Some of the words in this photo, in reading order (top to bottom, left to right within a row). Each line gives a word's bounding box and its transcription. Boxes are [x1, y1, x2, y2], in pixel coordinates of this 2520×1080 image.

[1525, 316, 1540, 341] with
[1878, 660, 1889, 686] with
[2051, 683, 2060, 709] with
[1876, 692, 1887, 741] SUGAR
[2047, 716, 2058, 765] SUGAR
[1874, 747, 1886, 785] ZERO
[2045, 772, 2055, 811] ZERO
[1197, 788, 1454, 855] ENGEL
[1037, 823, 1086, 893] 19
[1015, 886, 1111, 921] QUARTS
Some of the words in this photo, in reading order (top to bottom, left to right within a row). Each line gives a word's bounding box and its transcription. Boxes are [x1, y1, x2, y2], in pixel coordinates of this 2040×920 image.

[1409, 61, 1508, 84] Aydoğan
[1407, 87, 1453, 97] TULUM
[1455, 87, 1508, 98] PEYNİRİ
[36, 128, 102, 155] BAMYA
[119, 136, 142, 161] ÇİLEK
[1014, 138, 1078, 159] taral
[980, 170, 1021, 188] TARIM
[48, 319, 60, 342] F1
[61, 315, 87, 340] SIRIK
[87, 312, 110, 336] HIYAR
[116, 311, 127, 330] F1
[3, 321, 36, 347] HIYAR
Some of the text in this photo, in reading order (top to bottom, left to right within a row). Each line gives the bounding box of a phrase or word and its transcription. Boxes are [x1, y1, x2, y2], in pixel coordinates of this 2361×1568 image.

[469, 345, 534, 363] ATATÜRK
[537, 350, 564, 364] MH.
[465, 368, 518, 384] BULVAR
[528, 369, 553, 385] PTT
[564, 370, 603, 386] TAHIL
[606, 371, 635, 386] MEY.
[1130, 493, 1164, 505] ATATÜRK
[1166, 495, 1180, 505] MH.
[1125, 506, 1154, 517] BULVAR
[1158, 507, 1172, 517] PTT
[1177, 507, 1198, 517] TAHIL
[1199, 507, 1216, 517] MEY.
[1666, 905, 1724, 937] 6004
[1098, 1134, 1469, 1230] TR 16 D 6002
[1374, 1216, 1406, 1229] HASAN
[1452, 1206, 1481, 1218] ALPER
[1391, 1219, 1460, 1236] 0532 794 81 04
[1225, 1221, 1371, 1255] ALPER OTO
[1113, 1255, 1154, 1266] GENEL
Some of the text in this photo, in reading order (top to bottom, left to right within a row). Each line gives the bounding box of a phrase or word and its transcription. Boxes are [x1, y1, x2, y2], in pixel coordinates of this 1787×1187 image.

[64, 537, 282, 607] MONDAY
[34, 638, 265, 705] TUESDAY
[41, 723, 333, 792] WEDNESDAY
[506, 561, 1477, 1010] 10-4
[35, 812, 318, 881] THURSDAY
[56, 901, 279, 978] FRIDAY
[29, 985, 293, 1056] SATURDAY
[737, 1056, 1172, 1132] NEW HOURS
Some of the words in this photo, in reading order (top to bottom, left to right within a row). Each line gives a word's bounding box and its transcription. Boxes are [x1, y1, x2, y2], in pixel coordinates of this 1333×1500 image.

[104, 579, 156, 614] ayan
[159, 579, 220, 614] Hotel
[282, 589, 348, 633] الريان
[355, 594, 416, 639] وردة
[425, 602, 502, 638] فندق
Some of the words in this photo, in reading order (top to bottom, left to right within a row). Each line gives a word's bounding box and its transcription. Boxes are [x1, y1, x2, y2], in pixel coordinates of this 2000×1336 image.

# [REQUIRED ACTION]
Could every record be printed again exactly as it reads?

# [TASK RESULT]
Some of the words in this photo, in reading order (top to bottom, left to right within a row). Each line gives a word's bounding box and its transcription. Boxes are [x1, y1, x2, y2], in pixel coordinates of this 2520×1080 image.

[1525, 316, 1540, 341] with
[1878, 660, 1889, 686] with
[2051, 683, 2060, 709] with
[1876, 692, 1887, 741] SUGAR
[2047, 716, 2058, 765] SUGAR
[1874, 747, 1886, 785] ZERO
[2045, 772, 2055, 811] ZERO
[1197, 788, 1454, 855] ENGEL
[1037, 823, 1086, 893] 19
[1015, 886, 1111, 921] QUARTS
Some of the words in this photo, in reading order (top to bottom, left to right within a row). Each line gives a word's bounding box and its transcription. Boxes are [x1, y1, x2, y2], in pixel coordinates of this 2040×920 image.

[1409, 61, 1508, 84] Aydoğan
[1407, 87, 1453, 97] TULUM
[1455, 87, 1508, 98] PEYNİRİ
[36, 128, 102, 155] BAMYA
[119, 136, 142, 161] ÇİLEK
[1014, 138, 1078, 159] taral
[980, 170, 1021, 188] TARIM
[48, 319, 60, 342] F1
[61, 315, 87, 340] SIRIK
[87, 312, 110, 336] HIYAR
[116, 311, 127, 330] F1
[3, 321, 36, 347] HIYAR
Some of the text in this photo, in reading order (top to bottom, left to right within a row). Each line gives the bounding box of a phrase or word and its transcription. Boxes are [x1, y1, x2, y2], in pixel coordinates of this 2361×1568 image.

[469, 345, 534, 363] ATATÜRK
[537, 350, 564, 364] MH.
[465, 368, 518, 384] BULVAR
[528, 369, 553, 385] PTT
[564, 370, 603, 386] TAHIL
[606, 371, 635, 386] MEY.
[1130, 493, 1164, 505] ATATÜRK
[1166, 495, 1180, 505] MH.
[1125, 506, 1154, 517] BULVAR
[1158, 507, 1172, 517] PTT
[1177, 507, 1198, 517] TAHIL
[1199, 507, 1216, 517] MEY.
[1666, 905, 1724, 937] 6004
[1098, 1134, 1469, 1230] TR 16 D 6002
[1374, 1216, 1406, 1229] HASAN
[1452, 1206, 1481, 1218] ALPER
[1391, 1219, 1460, 1236] 0532 794 81 04
[1225, 1221, 1371, 1255] ALPER OTO
[1113, 1255, 1154, 1266] GENEL
Some of the text in this photo, in reading order (top to bottom, left to right within a row). Each line gives the bounding box of a phrase or word and its transcription. Boxes are [x1, y1, x2, y2], in pixel coordinates of this 1787×1187 image.

[64, 537, 282, 607] MONDAY
[34, 638, 265, 705] TUESDAY
[41, 723, 333, 792] WEDNESDAY
[506, 561, 1477, 1010] 10-4
[35, 812, 318, 881] THURSDAY
[56, 901, 279, 978] FRIDAY
[29, 985, 293, 1056] SATURDAY
[737, 1056, 1172, 1132] NEW HOURS
Some of the words in this photo, in reading order (top to bottom, left to right within a row). Each line gives a word's bounding box and its transcription. Boxes are [x1, y1, x2, y2], in pixel coordinates of this 1333×1500 image.

[104, 579, 156, 614] ayan
[159, 579, 220, 614] Hotel
[282, 589, 348, 633] الريان
[355, 594, 416, 639] وردة
[425, 602, 502, 638] فندق
Some of the words in this photo, in reading order (top to bottom, left to right within a row). Each line gives a word's bounding box and its transcription. Boxes are [x1, y1, x2, y2], in pixel coordinates of this 2000×1336 image.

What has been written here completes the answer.